* [TASK REQUIREMENTS]
Within the records below, find the line containing "Some of the text". Reproduce it and each line after it exactly, and nothing else.

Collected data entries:
:::

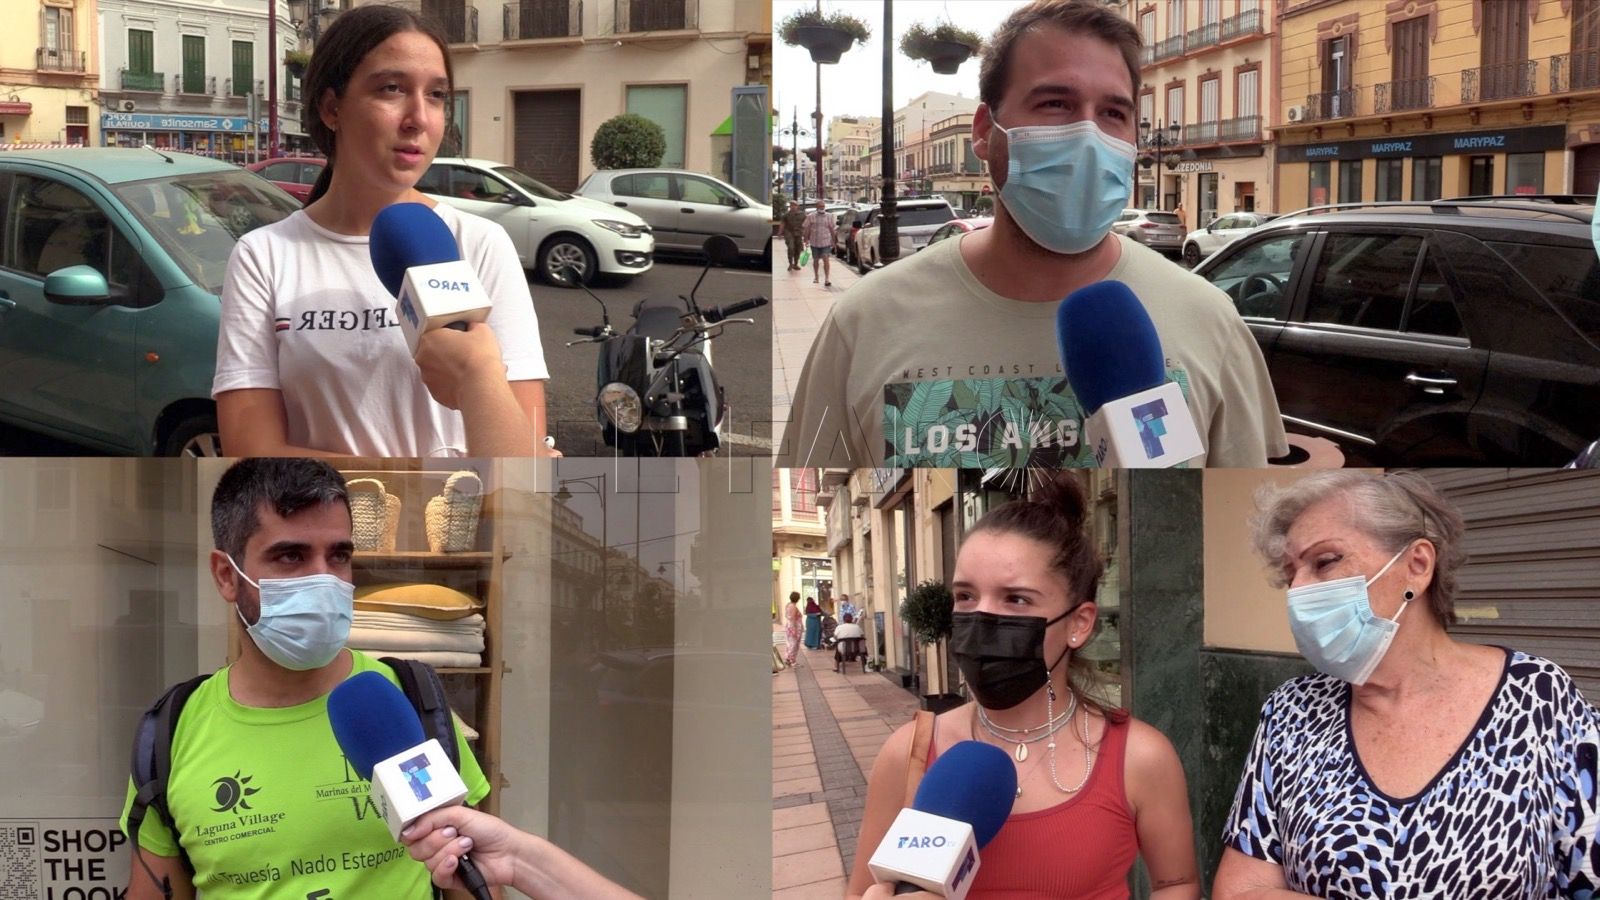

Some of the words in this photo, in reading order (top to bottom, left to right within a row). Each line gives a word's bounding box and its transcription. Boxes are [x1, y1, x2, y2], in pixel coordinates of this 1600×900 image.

[1371, 142, 1412, 153] MARYPAZ
[1454, 136, 1505, 149] MARYPAZ
[1306, 147, 1339, 156] MARYPAZ
[1174, 161, 1213, 173] LZEDONIA
[903, 366, 953, 379] WEST
[968, 364, 1034, 376] COAST
[904, 423, 977, 455] LOS
[315, 787, 350, 799] Marinas
[351, 784, 362, 795] del
[195, 821, 236, 838] Laguna
[238, 811, 286, 826] Village
[43, 829, 127, 852] SHOP
[204, 836, 229, 847] CENTRO
[230, 827, 276, 841] COMERCIAL
[897, 835, 946, 849] FARO
[44, 858, 106, 881] THE
[218, 862, 281, 885] Travesía
[291, 857, 337, 876] Nado
[343, 845, 405, 871] Estepona
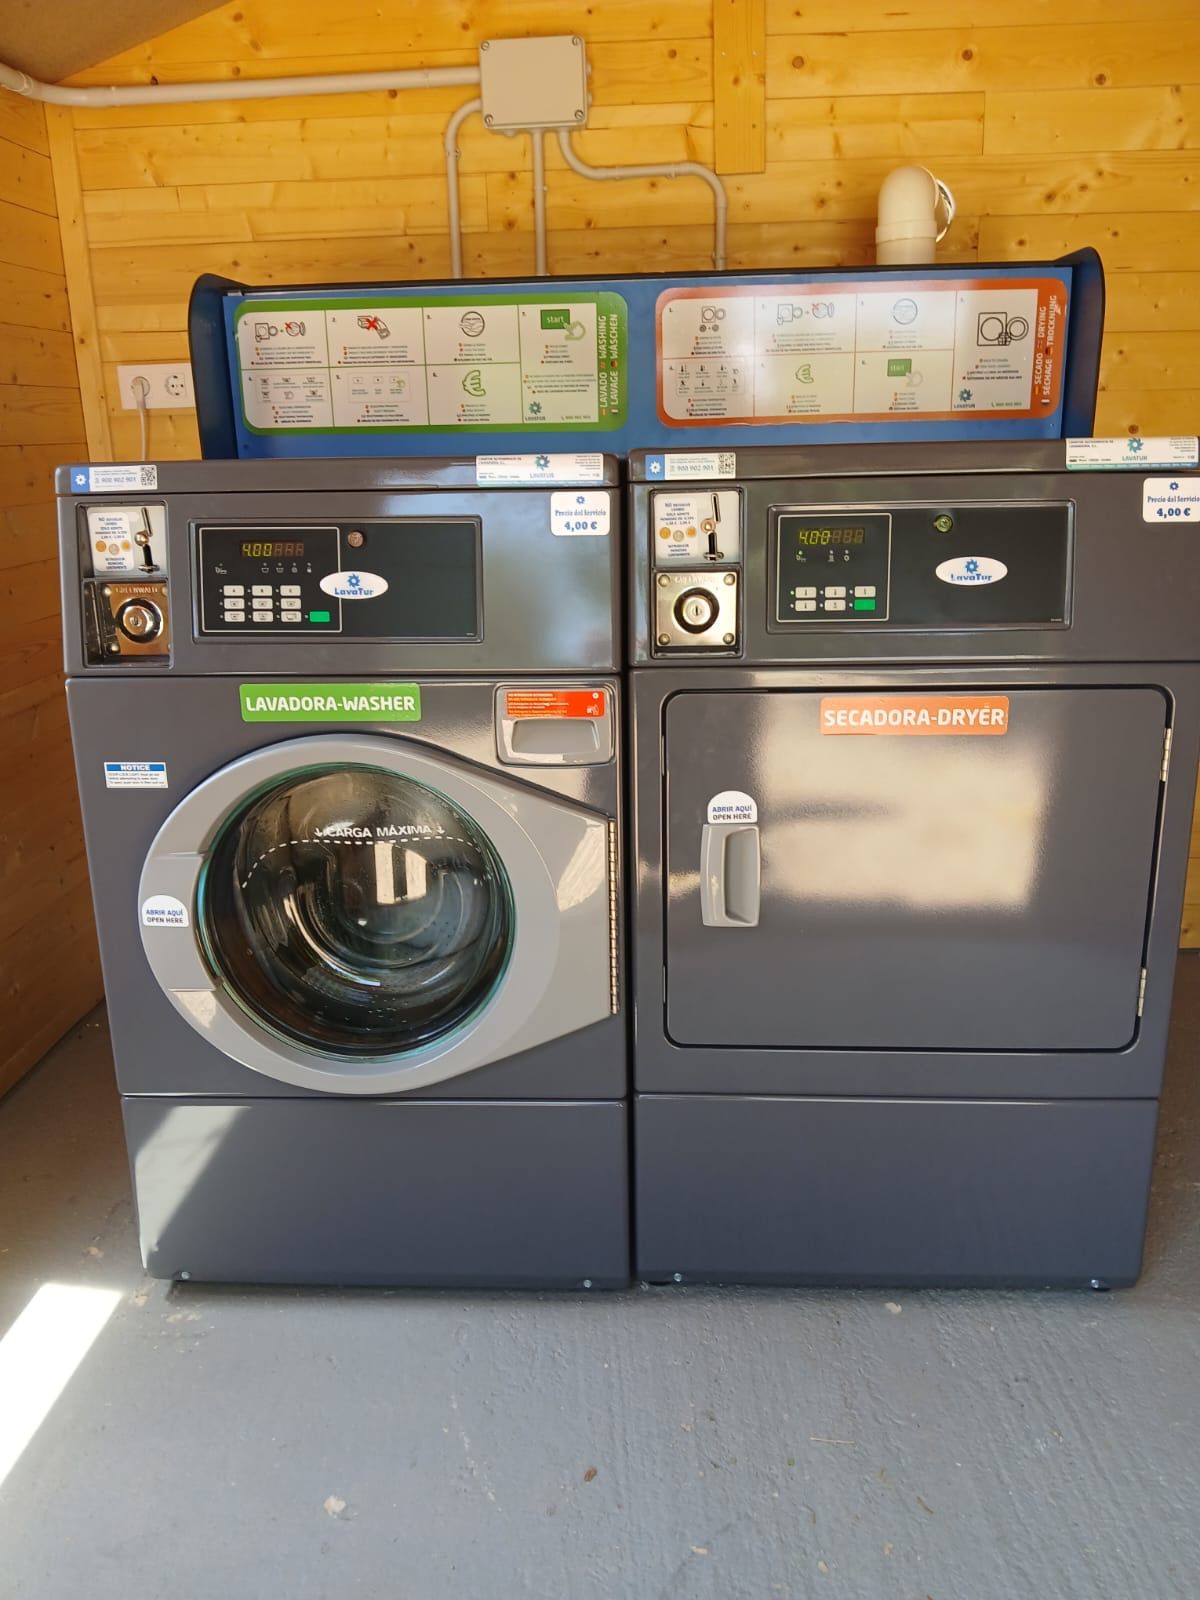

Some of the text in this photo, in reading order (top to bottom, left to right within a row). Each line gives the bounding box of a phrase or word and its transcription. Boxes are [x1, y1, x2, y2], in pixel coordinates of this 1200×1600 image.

[1037, 306, 1046, 338] DRYING
[1046, 295, 1057, 346] TROCKNUNG
[598, 316, 607, 359] WASHING
[1034, 352, 1044, 385] SECADO
[600, 372, 608, 408] LAVADO
[610, 370, 618, 405] LAVAGE
[1156, 507, 1191, 519] 4,00 €
[564, 521, 598, 532] 4,00 €
[950, 573, 992, 581] LavaTur
[334, 587, 374, 596] LavaTur
[245, 695, 416, 713] LAVADORA-WASHER
[824, 707, 1004, 727] SECADORA-DRYER
[735, 804, 752, 813] AQUÍ
[326, 824, 432, 838] CARGA MÁXIMA

:::

* [TASK RESULT]
Some of the text in this photo, in reading order (top to bottom, left to right within a row). Each line gives the bounding box of a phrase or word and its transcription. Boxes are [x1, y1, x2, y2], in pixel coordinates of this 1200×1600 image.

[1037, 306, 1046, 338] DRYING
[1046, 295, 1057, 346] TROCKNUNG
[598, 316, 607, 359] WASHING
[1034, 352, 1044, 385] SECADO
[600, 372, 608, 408] LAVADO
[610, 370, 618, 405] LAVAGE
[1156, 507, 1191, 519] 4,00 €
[564, 521, 598, 532] 4,00 €
[950, 573, 992, 581] LavaTur
[334, 587, 374, 596] LavaTur
[245, 695, 416, 713] LAVADORA-WASHER
[824, 707, 1004, 727] SECADORA-DRYER
[735, 804, 752, 813] AQUÍ
[326, 824, 432, 838] CARGA MÁXIMA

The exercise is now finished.